Rinri Therapeutics secures £3.2 million grant for hearing loss therapy

pharmafile | May 13, 2021 | News story | |  Stem cells 

Sheffield-based biotech company, Rinri Therapeutics, have secured a £3.2 million grant from Innovate UK to further develop Rinri’s novel stem cell therapy to reverse sensorineural hearing loss (SNHL).

The project will be led by Rinri in collaboration with the Cell and Gene Therapy Catapult (CGTC), and the Universities of Sheffield and Nottingham.

Over the course of the project, the CGTC will help establish a process and analytical tools for clinical trial manufacture of Rinri’s stem cell therapy for hearing loss, Sheffield University will further the nonclinical data package and Nottingham University will develop the necessary techniques for the first in human trial of Rinri’s cell-based therapy to restore hearing loss.

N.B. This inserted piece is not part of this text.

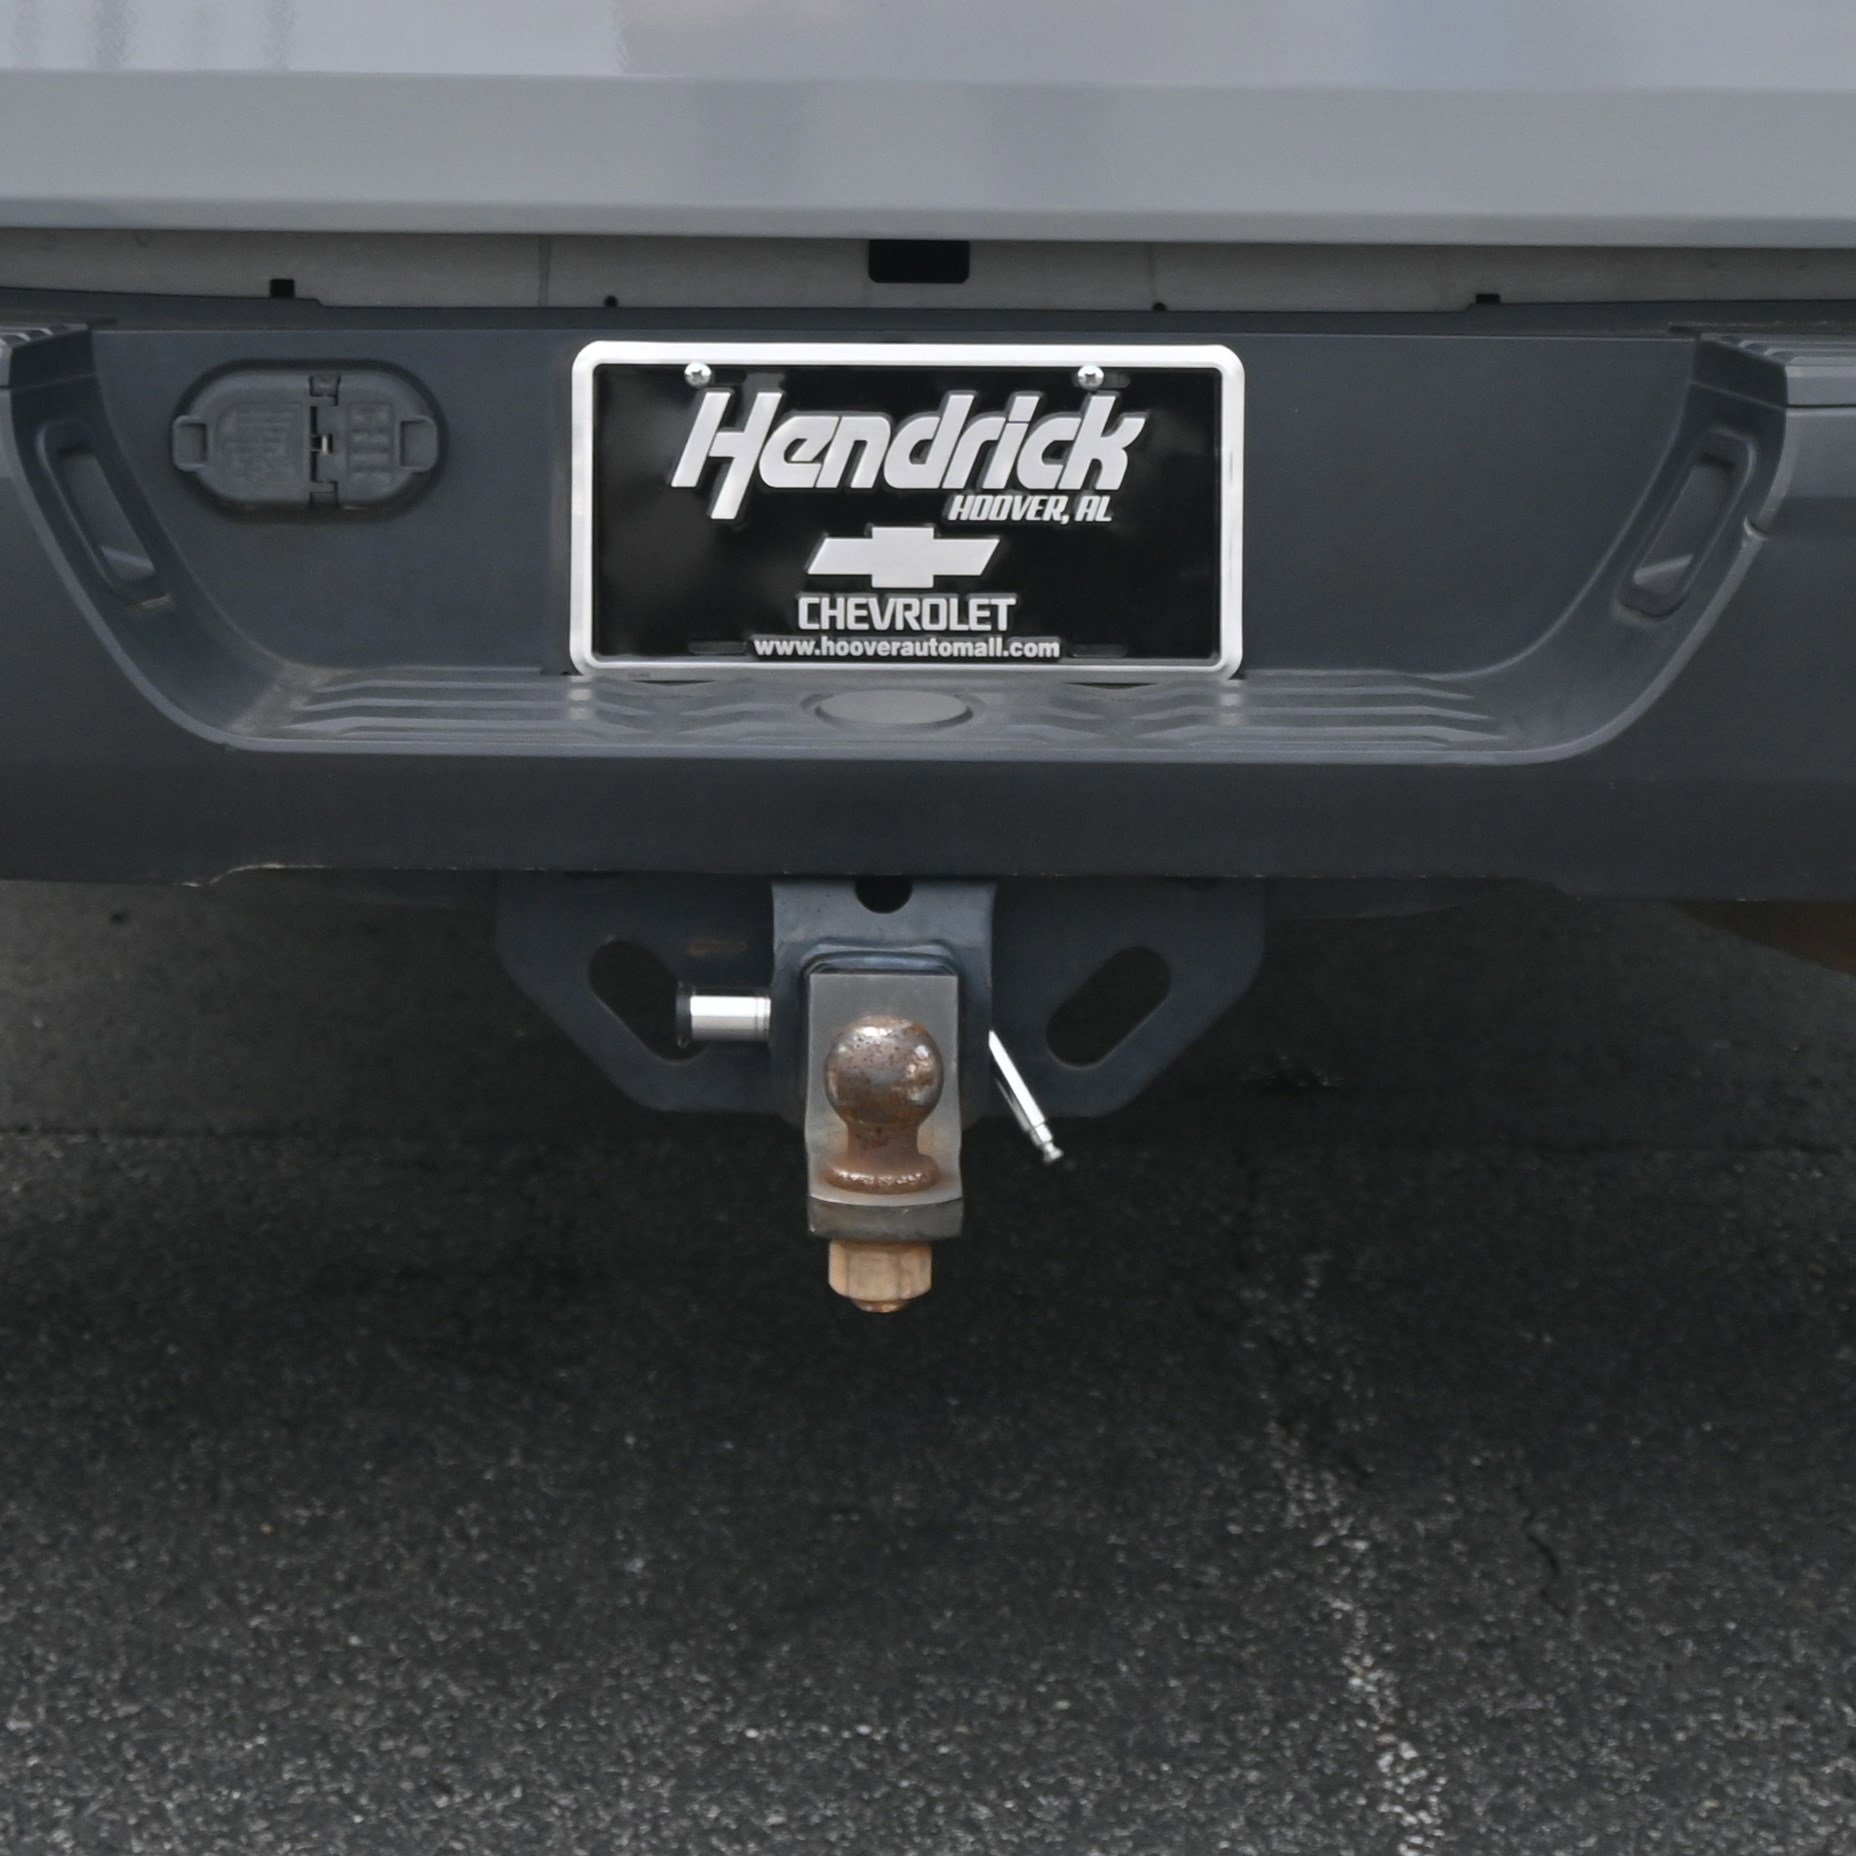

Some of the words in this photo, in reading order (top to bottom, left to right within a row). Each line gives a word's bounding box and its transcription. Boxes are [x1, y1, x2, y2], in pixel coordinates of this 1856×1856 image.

Dr Simon Chandler, CEO of Rinri Therapeutics, said: “We are delighted to receive this substantial grant from Innovate UK to conduct further important research into our stem cell therapy for hearing loss.

“We have made superb progress in refining and optimising our technology following our ground-breaking proof of concept data. This grant will be instrumental in supporting the development and initiating clinical studies of our pioneering approach to reverse hearing loss.”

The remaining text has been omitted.